● Task details
The records below must be transcribed exactly, with each picture left out.

--- START ---

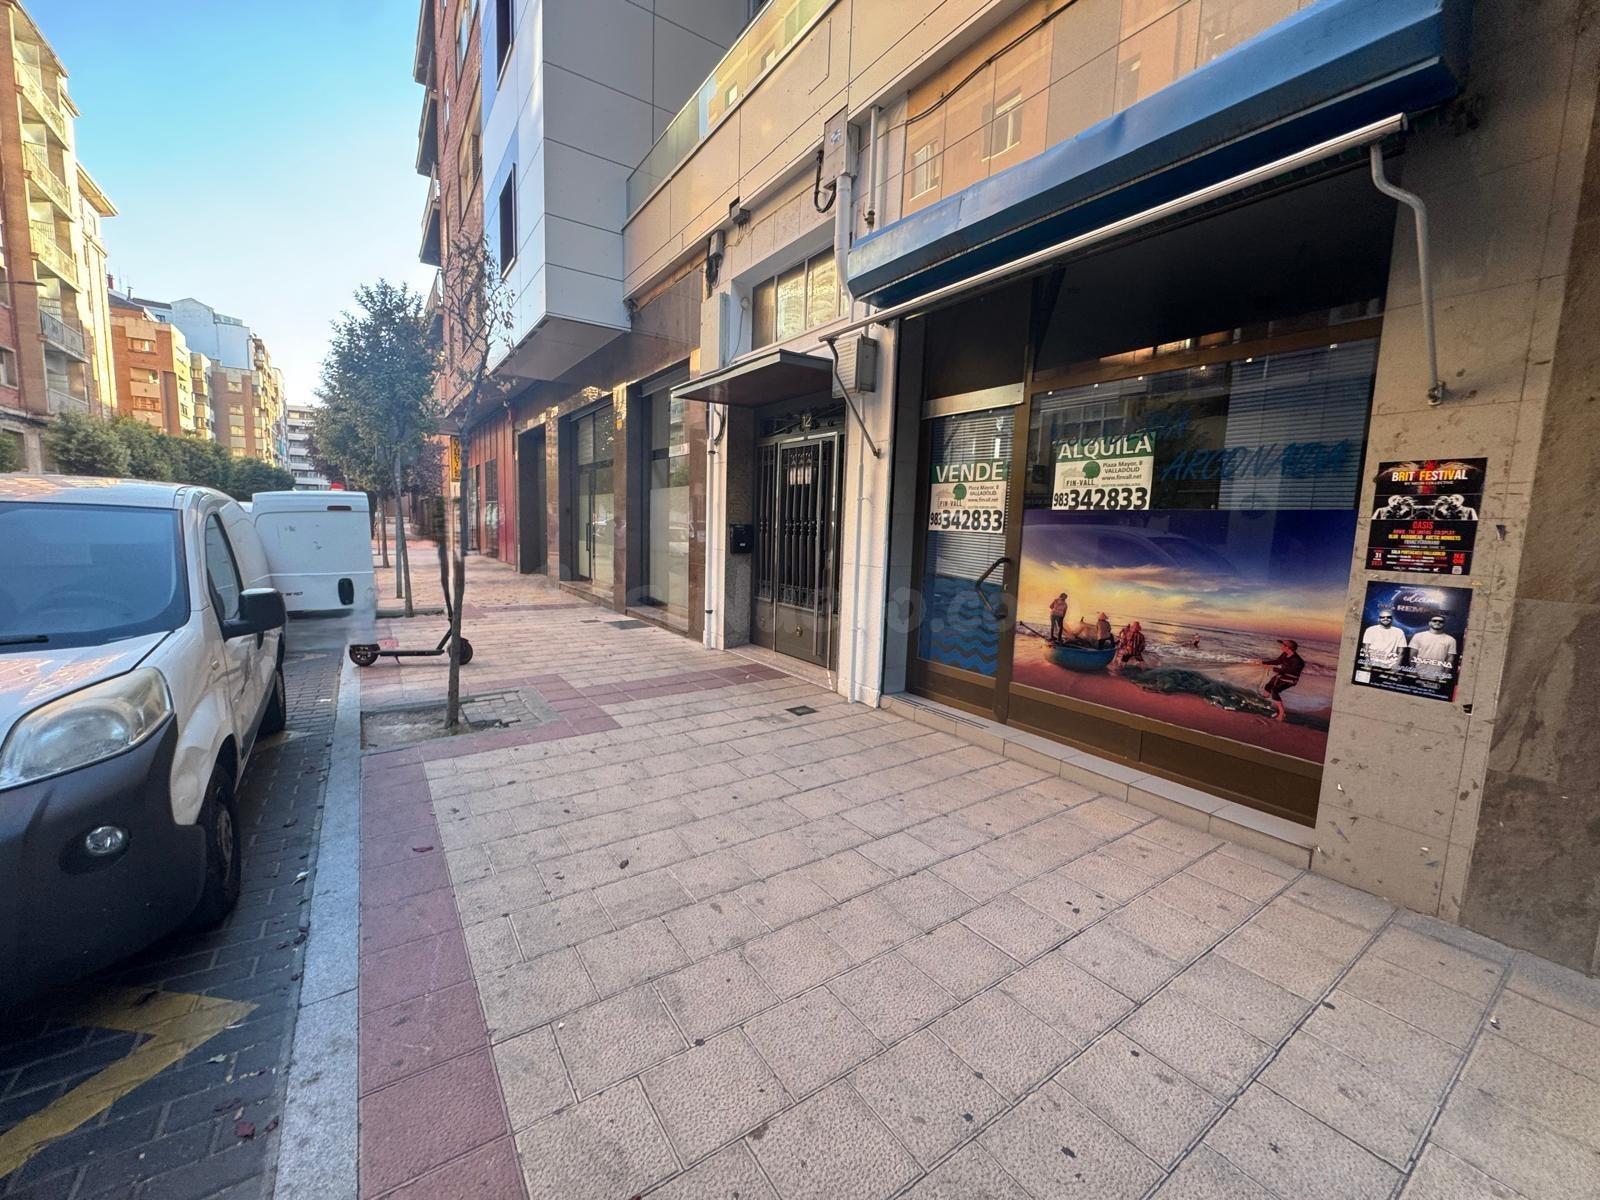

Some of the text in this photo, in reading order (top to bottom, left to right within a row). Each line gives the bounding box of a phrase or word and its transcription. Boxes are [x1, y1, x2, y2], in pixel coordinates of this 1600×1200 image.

[1057, 433, 1153, 460] ALQUILA
[935, 461, 1004, 483] VENDE
[1104, 466, 1140, 474] VALLADOLID
[1391, 469, 1468, 482] BRIT FESTIVAL
[1066, 479, 1096, 487] FIN-VALL
[1412, 520, 1434, 529] OASIS

--- END ---

● Answer to the problem
Some of the text in this photo, in reading order (top to bottom, left to right within a row). Each line gives the bounding box of a phrase or word and its transcription. Boxes are [x1, y1, x2, y2], in pixel coordinates of this 1600×1200 image.

[1057, 433, 1153, 460] ALQUILA
[935, 461, 1004, 483] VENDE
[1104, 466, 1140, 474] VALLADOLID
[1391, 469, 1468, 482] BRIT FESTIVAL
[1066, 479, 1096, 487] FIN-VALL
[1412, 520, 1434, 529] OASIS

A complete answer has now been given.